Important features of scikit image:

Simple and efficient tools for image processing and computer vision techniques.
Accessible to everybody and reusable in various contexts .
Built on the top of NumPy, SciPy, and matplotlib.
Open source, commercially usable – BSD license.

Note. Make sure NumPy and SciPy are preinstalled before installing scikit-image. Now the easiest way to install scikit image — use pip :

 pip install -U scikit-image 

Most of the ski wizard`s functions are inside submodules. Images are represented as NumPy arrays, such as 2D arrays for 2D grayscale images.

Code # 1:

# Python3 processing program
# images using skikit-image

 
# import data from the ski mage

from skimage import data

 

camera = data. camera () 

 
# 512-line image
# and 512 columns

type (camera) 

 

print (camera.shape)

Output:

 numpy.ndarray (512, 512) 

Code # 2: The skimage.data submodule provides a set of functions that return sample images.

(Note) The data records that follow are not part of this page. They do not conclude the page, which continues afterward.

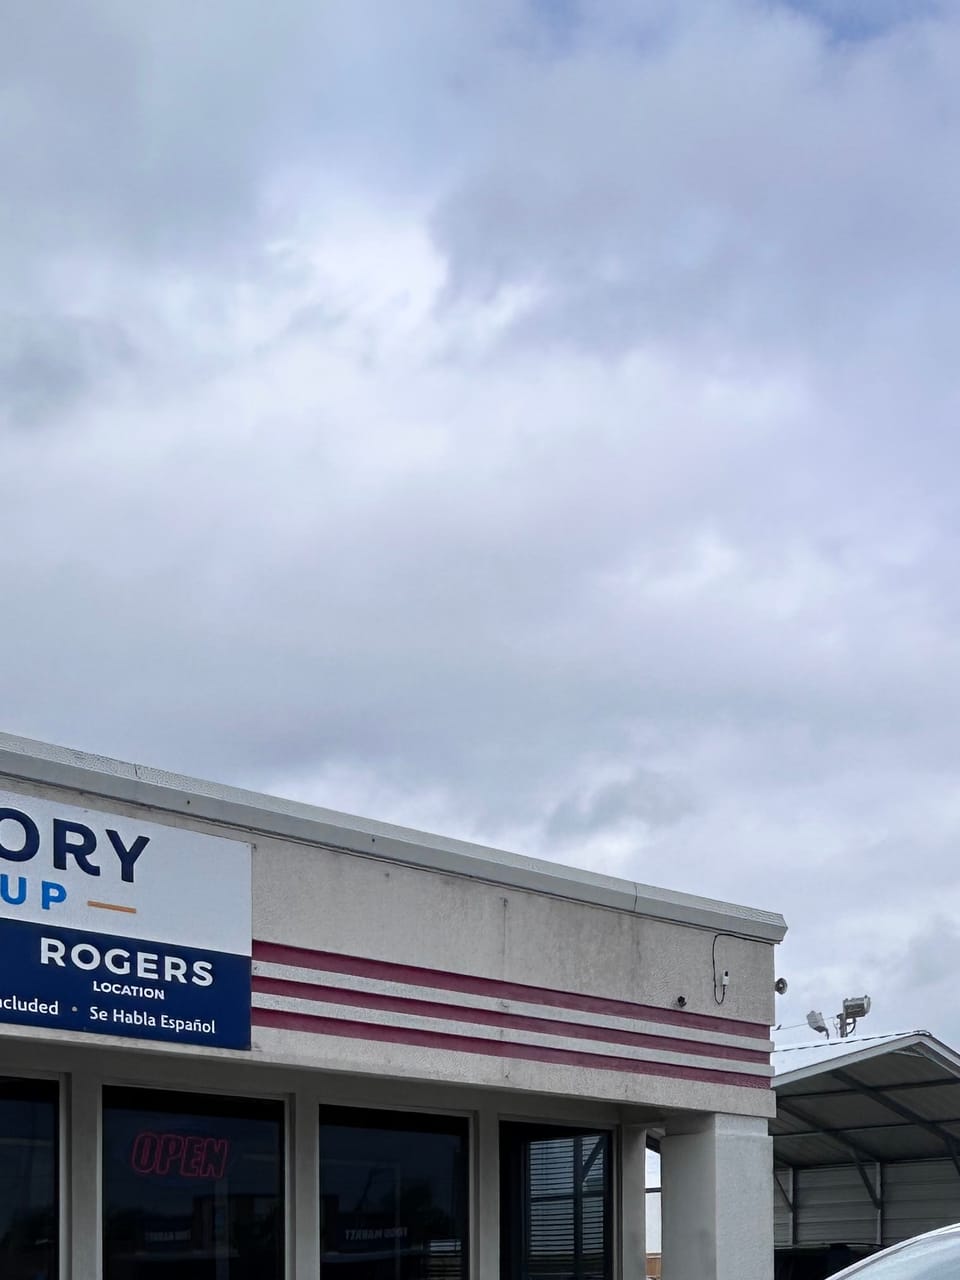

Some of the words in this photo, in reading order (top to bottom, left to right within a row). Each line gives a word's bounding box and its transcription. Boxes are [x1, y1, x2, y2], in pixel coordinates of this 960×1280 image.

[0, 807, 150, 883] ORY
[0, 873, 67, 910] UP
[40, 937, 214, 986] ROGERS
[93, 981, 165, 1000] LOCATION
[0, 995, 59, 1015] cluded
[90, 1006, 108, 1021] Se
[113, 1009, 156, 1026] Habla
[161, 1014, 216, 1034] Español
[132, 1131, 228, 1178] OPEN

# Python3 processing program
# images using skikit-image

 
# import filters and
# data from the ski mage

from skimage import filters

from skimage import data

 
# Predefined function to retrieve data

coins = data.coins () 

 
# how to find the threshold

threshold_value = filters.threshold_otsu (coins) 

 

print (threshold_value)

Output:

 107 

Code # 3: Upload your own images as NumPy arrays from image files.

< tbody>

# Python3 processing program
# images using skikit -image

import os

 
# import from ski mage

import skimage

from skimage import io

 
# way to load car image from file

file = os.path.join (skimage.data_dir, `cc.jpg` )

 

 < / p>

cars = io.imread ( file )

 
# a way to show the input image
io.imshow (cars)
io .show ()

Output:

Applications:

  • Medical image analysis.
  • Image classification for detection.